COMMUNITY BLUEPRINT FOR OUTDOOR DINING

When pandemic lockdowns required a massive emergency intervention for the restaurant industry, we were all in. But restaurants have been serving indoors at full capacity for nearly two years. The pandemic emergency is over. Pre-pandemic there were almost 1,200 sidewalk cafes. Now there are more than 10 times that number.

Such unregulated expansion is now the source of a lingering disaster. Bigger is not better. Supersizing the restaurant & bar industry is wrong for New York — and threatens residential neighborhoods and their small businesses. Now it's time to reimagine outdoor dining to serve all New Yorkers as we rebuild our city.
Here's how our communities see that working . . .

 

1. End roadbed dining now. Take down the sheds, remove the decks. Sanitation street sweepers haven't cleaned restaurant-filled streets in more than two years. The firefighter rank-and-file reports what their bosses can't - that response times are up where dining blocks the streets. Sunset all roadway setups now, then roll out citywide street cleaning and rat abatement programs. Fine non-compliant operators and remove remaining dining setups at their owners' expense.

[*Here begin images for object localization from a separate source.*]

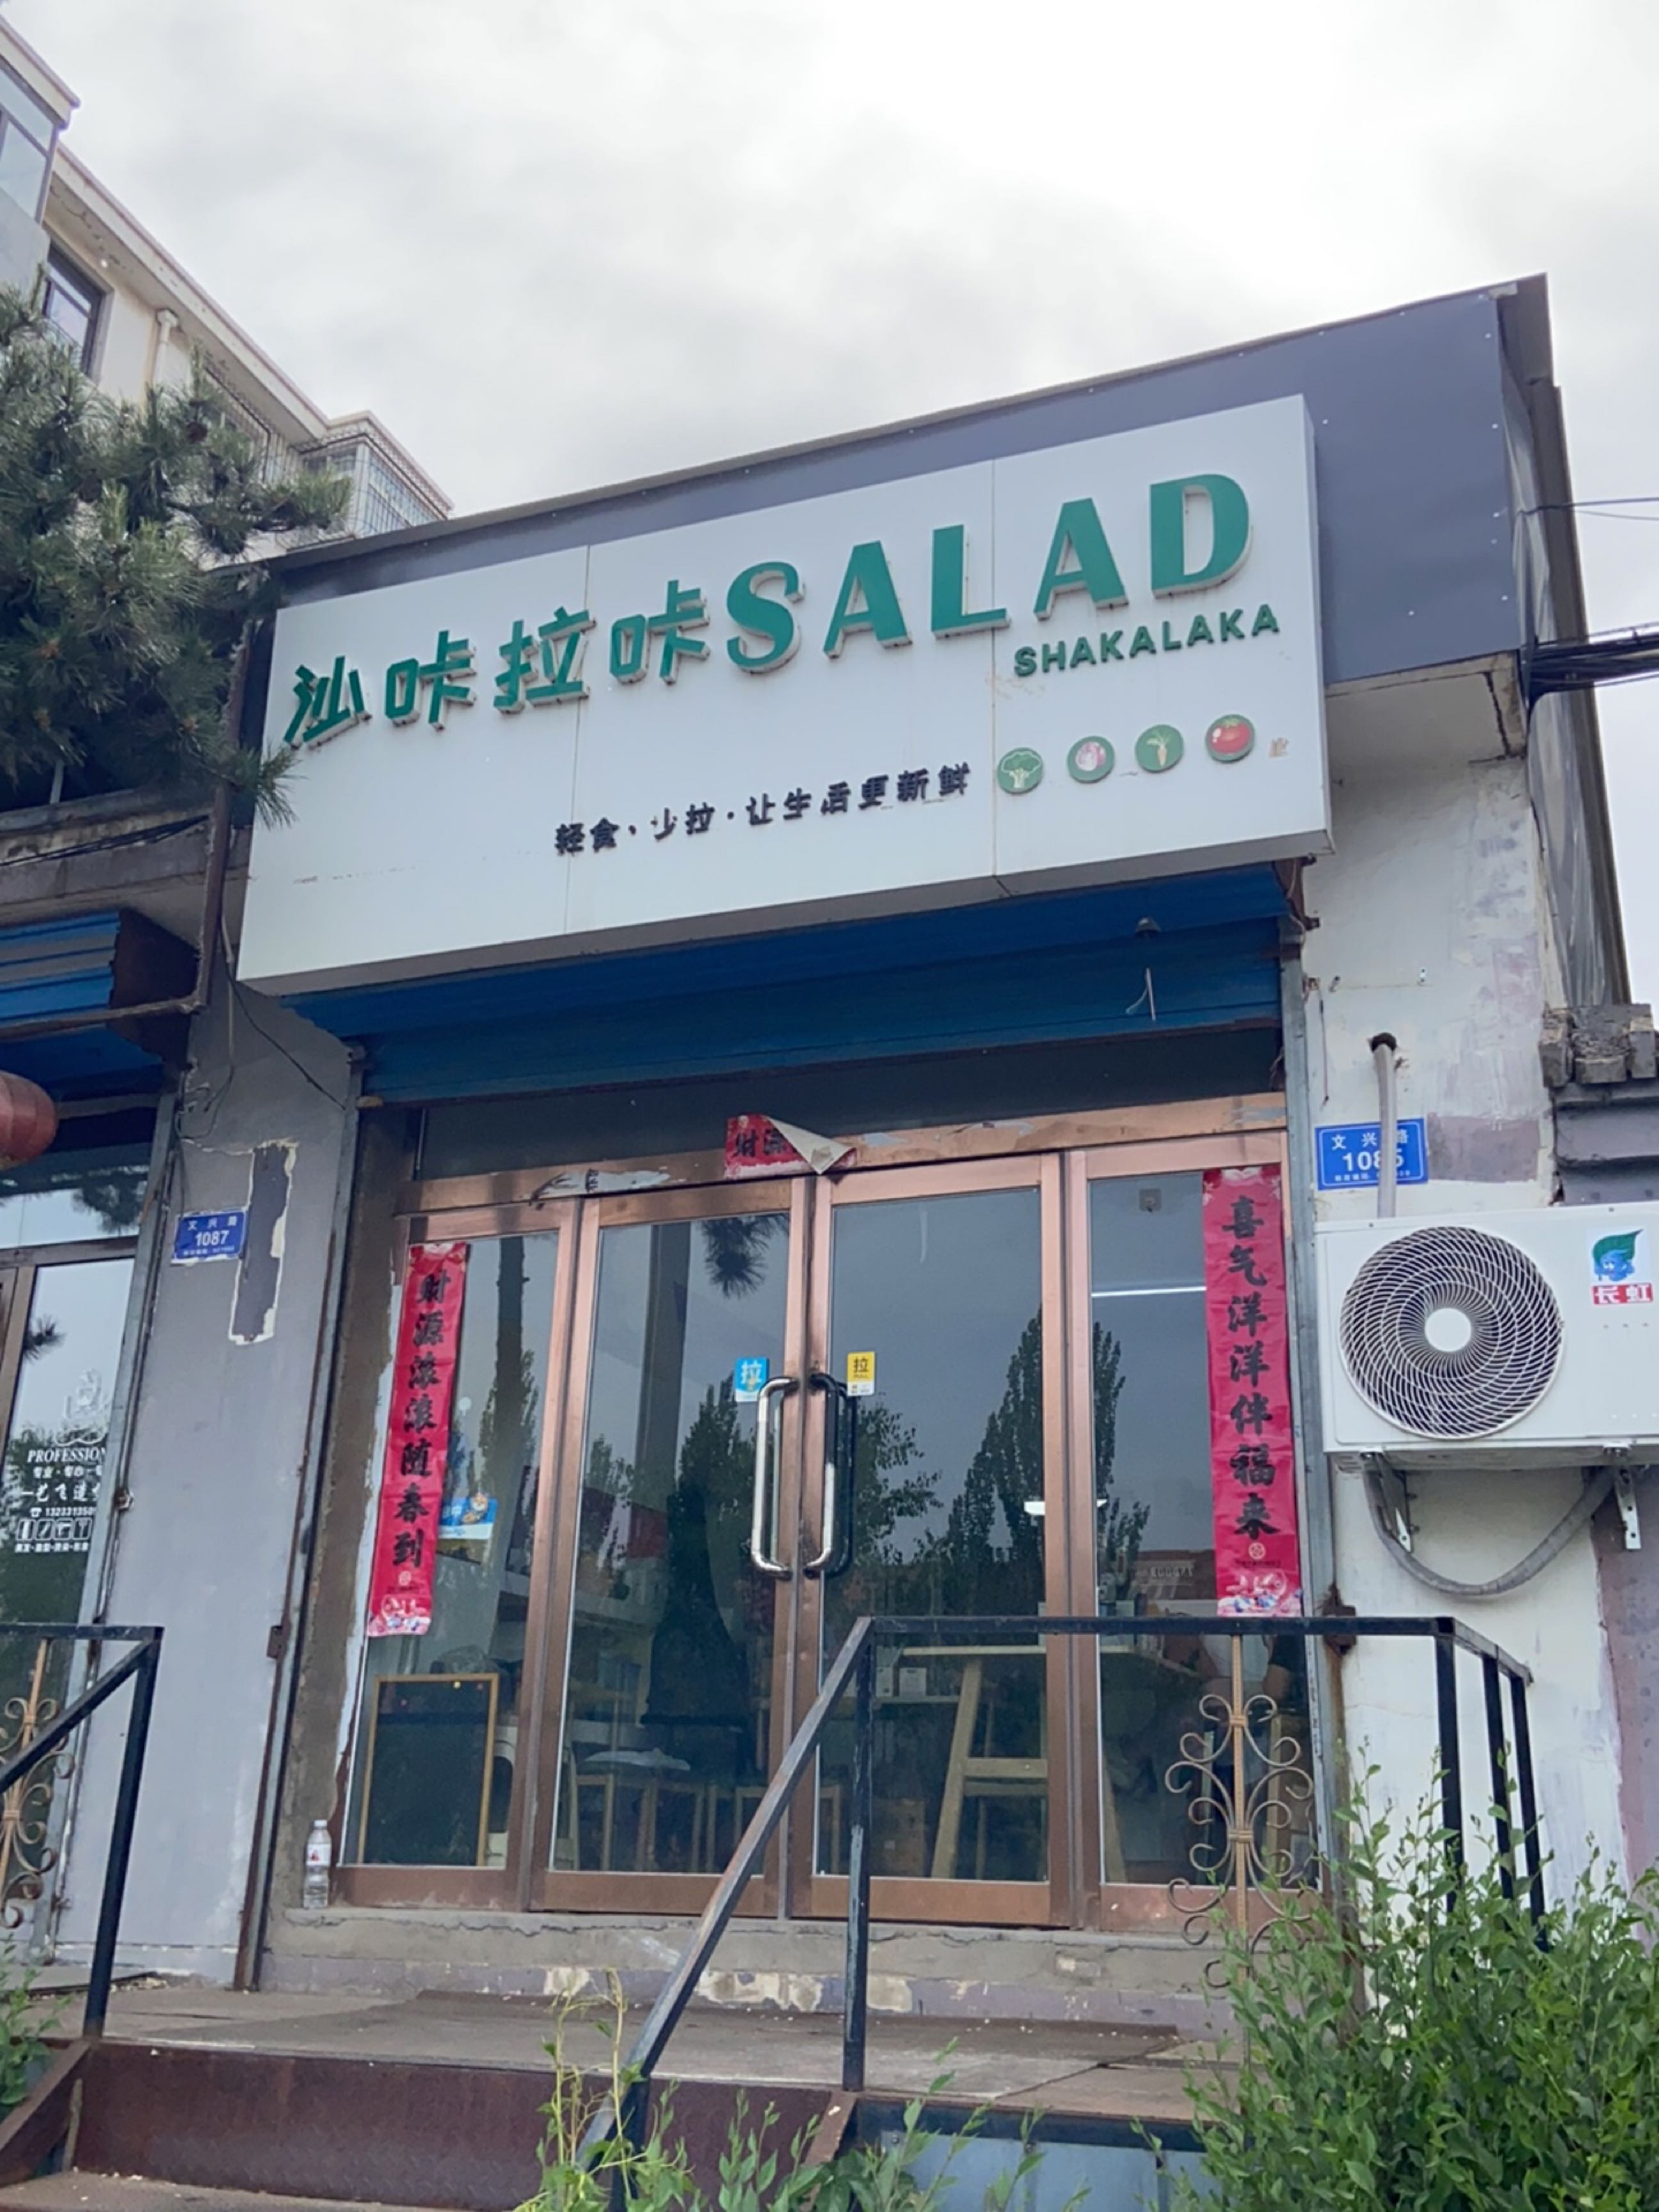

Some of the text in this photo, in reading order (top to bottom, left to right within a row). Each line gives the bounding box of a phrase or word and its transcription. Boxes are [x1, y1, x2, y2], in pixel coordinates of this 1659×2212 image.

[726, 474, 1249, 671] SALAD
[1014, 604, 1279, 677] SHAKALAKA
[195, 1230, 230, 1247] 1087
[1594, 1284, 1651, 1303] 长虹
[741, 1359, 762, 1385] 拉
[853, 1356, 869, 1374] 拉
[1221, 1194, 1279, 1541] 喜气洋洋伴福来
[392, 1269, 452, 1567] 财源滚滚随春到

2. Distribute outdoor dining across the boroughs and neighborhoods equitably. Some neighborhoods have just a few outdoor dining set-ups, while others — Williamsburg, Astoria, the Village, and the Lower East Side — are saturated beyond endurance. To avoid saturation in residential areas, ensure no block has more than one or two licenses. Limit the number of cafe licenses in each community board dis­trict to 100, or the number pre-pandemic, whichever is greater. This creates 5,900+ outdoor dining sites - 5X the pre-pandemic number of sidewalk cafes - and gives restau­rants new incentives to open in the outer boroughs.

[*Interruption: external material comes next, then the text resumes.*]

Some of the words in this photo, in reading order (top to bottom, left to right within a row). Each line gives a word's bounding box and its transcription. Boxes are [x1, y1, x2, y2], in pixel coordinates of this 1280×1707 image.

3. Stop heating and air-conditioning the outdoors in a climate emergency. New York City declared a climate emergency! So has France, where they've banned all outdoor heaters because of the effect on the climate. We must take climate change seriously and do the same. Seasonal open-air dining makes sense. Heating and cooling the outdoors does not.

4. Restaurants are businesses, not charities. Treat them as such. Let the outdoor dining program pay for itself by getting the fees right for both prime and small neighbor­ hood real estate. All fees and consent agreements should be sliding scale based on fair market value: expensive for most of Manhattan and significantly discounted elsewhere.

5. Quiet the restaurant noise in residential areas. Keep the alcohol-fueled din of outdoor dining out of our homes. Noise is a public health issue. Require bars and restaurants to contain crowd noise and music behind closed doors and windows. In residential & mixed-use areas, outdoor dining should close at sunset. School-age New Yorkers need quiet to do their homework. And all of us need quiet to sleep.

6. Give pedestrians, wheelchair users, and others a clear path of at least 8 feet or 50% of the sidewalk, whichever is greater. On a 12-foot sidewalk that leaves four feet for service and dining. On a 20-foot sidewalk, that leaves 10 feet for service and dining. Limit sidewalk dining in areas with high pedestrian traffic as the sidewalk cafe regulations in the Zoning Resolution did.

7. Regulate the program. Fine and shut down bad operators. The Department of Consumer Affairs (now DCWP) ran a well-managed sidewalk cafe program, while the Department of Transportation has notoriously looked the other way under their emergency "self-certified" program. Bring back the DCWP, provide adequate staffing for the enlarged program, and we'll have a world-class program.

8. Let our community boards do their jobs. The excesses of pandemic-era outdoor dining have created strife between restaurants and their neighbors. Restore a civil process to our communities. Give community boards at least 45 days to review applications and allow neighborhood input.

9. Ensure that New York's outdoor dining program is environmentally sound. Prepare an environmental impact statement to disclose significant environmental impacts so that they can be mitigated.

10. Give public space back to the public. Don't let restaurants cut to the front of the line for curbside and sidewalk use. Consider genuine, non-commercial community needs — loading zones used by all businesses and residents, bike parking for non-rental bikes, new solutions for trash removal, and residential and visitor parking permits. And while we're at it, let's add more trees-our streets can use the shade and the beauty of more trees.

Let's rebuild New York City for a post-pandemic and climate-friendly future that serves all New Yorkers and our many visitors.

. . . . rebuild New York City for a post-pandemic and climate-friendly future that serves all New Yorkers and our many visitors.